**Problem**
Starting at the line that contains "this 1856×1392 image.", quote each line exactly through the last line of the entries, both included.
◇ ◇ ◇ ◇ ◇ ◇ ◇
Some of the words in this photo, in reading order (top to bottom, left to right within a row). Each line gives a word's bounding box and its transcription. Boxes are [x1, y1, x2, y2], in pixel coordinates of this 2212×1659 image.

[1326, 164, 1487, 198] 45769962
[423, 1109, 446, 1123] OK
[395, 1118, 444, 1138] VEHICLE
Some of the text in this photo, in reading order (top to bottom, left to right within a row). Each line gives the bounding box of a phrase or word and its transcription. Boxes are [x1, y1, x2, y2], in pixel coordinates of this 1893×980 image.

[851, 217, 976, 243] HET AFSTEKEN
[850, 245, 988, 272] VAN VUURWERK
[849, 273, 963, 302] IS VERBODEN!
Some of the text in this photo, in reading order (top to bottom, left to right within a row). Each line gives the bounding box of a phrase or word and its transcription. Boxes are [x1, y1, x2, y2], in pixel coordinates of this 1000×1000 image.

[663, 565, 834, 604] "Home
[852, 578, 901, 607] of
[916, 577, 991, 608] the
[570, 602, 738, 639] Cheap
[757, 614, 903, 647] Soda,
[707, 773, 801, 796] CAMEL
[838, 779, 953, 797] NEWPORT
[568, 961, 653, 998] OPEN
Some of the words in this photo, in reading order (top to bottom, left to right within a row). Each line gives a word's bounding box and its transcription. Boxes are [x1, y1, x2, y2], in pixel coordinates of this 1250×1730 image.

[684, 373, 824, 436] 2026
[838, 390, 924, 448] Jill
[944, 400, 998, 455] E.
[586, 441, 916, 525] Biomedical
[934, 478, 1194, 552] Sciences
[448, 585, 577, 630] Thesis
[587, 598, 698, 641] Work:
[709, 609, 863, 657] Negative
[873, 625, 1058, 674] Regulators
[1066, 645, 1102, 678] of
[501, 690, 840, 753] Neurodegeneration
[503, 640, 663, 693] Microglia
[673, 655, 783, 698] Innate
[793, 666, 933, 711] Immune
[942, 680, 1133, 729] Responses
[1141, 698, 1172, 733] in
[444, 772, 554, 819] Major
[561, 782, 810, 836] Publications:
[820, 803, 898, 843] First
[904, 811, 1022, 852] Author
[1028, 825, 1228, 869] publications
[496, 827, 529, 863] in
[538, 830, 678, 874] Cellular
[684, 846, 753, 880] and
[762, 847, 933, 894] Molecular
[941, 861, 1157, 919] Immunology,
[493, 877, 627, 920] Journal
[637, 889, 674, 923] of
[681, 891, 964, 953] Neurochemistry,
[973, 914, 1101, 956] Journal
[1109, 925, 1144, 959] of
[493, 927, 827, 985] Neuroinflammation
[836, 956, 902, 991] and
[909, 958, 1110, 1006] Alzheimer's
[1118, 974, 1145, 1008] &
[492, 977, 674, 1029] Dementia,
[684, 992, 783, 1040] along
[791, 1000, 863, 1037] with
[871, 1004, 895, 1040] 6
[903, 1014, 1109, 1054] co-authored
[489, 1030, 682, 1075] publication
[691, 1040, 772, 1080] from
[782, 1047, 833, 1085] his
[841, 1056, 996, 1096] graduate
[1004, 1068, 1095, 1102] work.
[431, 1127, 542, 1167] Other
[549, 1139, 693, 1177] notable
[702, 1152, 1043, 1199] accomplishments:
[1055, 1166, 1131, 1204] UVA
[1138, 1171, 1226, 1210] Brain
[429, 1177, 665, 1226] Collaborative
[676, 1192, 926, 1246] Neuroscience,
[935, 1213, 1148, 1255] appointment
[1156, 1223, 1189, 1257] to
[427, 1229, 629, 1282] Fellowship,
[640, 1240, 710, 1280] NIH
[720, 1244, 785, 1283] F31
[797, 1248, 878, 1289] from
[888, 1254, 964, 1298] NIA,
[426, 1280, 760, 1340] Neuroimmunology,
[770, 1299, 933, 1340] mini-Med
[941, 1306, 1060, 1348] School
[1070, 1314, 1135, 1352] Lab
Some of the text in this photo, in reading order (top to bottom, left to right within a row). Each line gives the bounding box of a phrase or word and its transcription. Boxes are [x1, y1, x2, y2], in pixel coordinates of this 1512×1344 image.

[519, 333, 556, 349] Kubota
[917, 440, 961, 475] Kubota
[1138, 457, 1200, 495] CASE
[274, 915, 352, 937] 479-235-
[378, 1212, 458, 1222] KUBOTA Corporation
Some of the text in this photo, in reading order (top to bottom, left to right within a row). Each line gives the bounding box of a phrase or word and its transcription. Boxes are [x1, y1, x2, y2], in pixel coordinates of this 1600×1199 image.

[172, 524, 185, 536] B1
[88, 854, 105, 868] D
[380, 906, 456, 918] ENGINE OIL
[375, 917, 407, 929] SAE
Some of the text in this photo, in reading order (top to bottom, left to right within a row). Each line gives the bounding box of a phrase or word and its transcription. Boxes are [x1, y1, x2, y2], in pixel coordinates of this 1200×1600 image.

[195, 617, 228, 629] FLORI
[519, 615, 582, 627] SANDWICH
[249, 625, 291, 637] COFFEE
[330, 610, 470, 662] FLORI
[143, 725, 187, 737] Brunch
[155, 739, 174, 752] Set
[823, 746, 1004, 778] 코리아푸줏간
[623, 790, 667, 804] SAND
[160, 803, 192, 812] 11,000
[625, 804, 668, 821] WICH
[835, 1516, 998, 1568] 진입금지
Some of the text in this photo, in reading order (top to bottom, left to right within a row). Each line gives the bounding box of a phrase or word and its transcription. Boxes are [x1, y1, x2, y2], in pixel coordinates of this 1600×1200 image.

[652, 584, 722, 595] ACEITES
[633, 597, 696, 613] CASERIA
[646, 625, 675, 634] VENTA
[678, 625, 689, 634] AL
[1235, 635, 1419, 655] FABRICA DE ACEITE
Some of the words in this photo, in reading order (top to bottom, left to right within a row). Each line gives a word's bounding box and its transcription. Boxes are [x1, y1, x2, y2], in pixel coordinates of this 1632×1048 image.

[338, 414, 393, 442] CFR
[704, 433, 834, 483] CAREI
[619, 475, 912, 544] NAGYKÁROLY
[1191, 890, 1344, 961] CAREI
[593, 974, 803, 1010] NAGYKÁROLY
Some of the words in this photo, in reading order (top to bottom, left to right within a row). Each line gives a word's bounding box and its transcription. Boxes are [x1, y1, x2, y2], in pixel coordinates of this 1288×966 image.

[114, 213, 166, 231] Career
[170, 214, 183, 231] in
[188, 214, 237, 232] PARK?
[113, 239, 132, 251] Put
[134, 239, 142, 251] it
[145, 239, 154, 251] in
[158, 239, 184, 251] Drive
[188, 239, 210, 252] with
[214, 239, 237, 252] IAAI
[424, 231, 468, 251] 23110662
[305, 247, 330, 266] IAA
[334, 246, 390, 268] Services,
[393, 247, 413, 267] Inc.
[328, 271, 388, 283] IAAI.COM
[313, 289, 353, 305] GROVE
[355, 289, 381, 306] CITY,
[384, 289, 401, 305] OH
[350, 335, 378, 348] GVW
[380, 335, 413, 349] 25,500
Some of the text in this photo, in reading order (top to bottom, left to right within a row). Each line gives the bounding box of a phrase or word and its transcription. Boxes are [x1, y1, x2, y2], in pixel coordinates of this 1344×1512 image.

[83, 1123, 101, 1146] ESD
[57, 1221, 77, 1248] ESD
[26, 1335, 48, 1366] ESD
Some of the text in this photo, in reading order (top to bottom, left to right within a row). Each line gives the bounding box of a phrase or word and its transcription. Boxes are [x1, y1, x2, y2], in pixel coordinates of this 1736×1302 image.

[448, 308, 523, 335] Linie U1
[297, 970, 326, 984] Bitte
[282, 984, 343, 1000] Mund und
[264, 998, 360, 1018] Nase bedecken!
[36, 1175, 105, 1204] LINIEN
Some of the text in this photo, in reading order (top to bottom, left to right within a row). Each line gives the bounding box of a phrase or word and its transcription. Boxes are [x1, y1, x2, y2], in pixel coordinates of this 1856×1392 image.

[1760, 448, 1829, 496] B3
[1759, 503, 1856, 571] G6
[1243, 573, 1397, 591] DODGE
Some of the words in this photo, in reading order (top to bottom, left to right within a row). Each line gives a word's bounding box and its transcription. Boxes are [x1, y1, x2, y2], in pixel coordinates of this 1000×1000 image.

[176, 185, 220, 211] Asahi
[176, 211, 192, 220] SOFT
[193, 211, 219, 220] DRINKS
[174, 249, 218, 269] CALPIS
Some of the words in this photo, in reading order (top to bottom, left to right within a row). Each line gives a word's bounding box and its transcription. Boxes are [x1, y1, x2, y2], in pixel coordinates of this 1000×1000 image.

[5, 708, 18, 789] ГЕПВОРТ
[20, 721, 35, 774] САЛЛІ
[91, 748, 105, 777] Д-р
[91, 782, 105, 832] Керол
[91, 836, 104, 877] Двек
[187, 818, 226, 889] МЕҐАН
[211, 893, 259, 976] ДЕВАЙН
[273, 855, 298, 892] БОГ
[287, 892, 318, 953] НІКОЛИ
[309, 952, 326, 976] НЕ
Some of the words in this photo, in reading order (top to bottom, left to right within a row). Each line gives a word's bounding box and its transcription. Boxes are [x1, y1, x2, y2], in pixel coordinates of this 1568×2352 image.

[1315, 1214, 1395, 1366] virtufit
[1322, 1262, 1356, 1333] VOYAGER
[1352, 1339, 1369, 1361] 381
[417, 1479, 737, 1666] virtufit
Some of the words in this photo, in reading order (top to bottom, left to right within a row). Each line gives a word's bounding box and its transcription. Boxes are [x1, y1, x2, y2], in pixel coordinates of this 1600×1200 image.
◇ ◇ ◇ ◇ ◇ ◇ ◇
**Response area**
Some of the text in this photo, in reading order (top to bottom, left to right within a row). Each line gives the bounding box of a phrase or word and its transcription. Boxes are [x1, y1, x2, y2], in pixel coordinates of this 1856×1392 image.

[1760, 448, 1829, 496] B3
[1759, 503, 1856, 571] G6
[1243, 573, 1397, 591] DODGE
Some of the words in this photo, in reading order (top to bottom, left to right within a row). Each line gives a word's bounding box and its transcription. Boxes are [x1, y1, x2, y2], in pixel coordinates of this 1000×1000 image.

[176, 185, 220, 211] Asahi
[176, 211, 192, 220] SOFT
[193, 211, 219, 220] DRINKS
[174, 249, 218, 269] CALPIS
Some of the words in this photo, in reading order (top to bottom, left to right within a row). Each line gives a word's bounding box and its transcription. Boxes are [x1, y1, x2, y2], in pixel coordinates of this 1000×1000 image.

[5, 708, 18, 789] ГЕПВОРТ
[20, 721, 35, 774] САЛЛІ
[91, 748, 105, 777] Д-р
[91, 782, 105, 832] Керол
[91, 836, 104, 877] Двек
[187, 818, 226, 889] МЕҐАН
[211, 893, 259, 976] ДЕВАЙН
[273, 855, 298, 892] БОГ
[287, 892, 318, 953] НІКОЛИ
[309, 952, 326, 976] НЕ
Some of the words in this photo, in reading order (top to bottom, left to right within a row). Each line gives a word's bounding box and its transcription. Boxes are [x1, y1, x2, y2], in pixel coordinates of this 1568×2352 image.

[1315, 1214, 1395, 1366] virtufit
[1322, 1262, 1356, 1333] VOYAGER
[1352, 1339, 1369, 1361] 381
[417, 1479, 737, 1666] virtufit
Some of the words in this photo, in reading order (top to bottom, left to right within a row). Each line gives a word's bounding box and its transcription. Boxes are [x1, y1, x2, y2], in pixel coordinates of this 1600×1200 image.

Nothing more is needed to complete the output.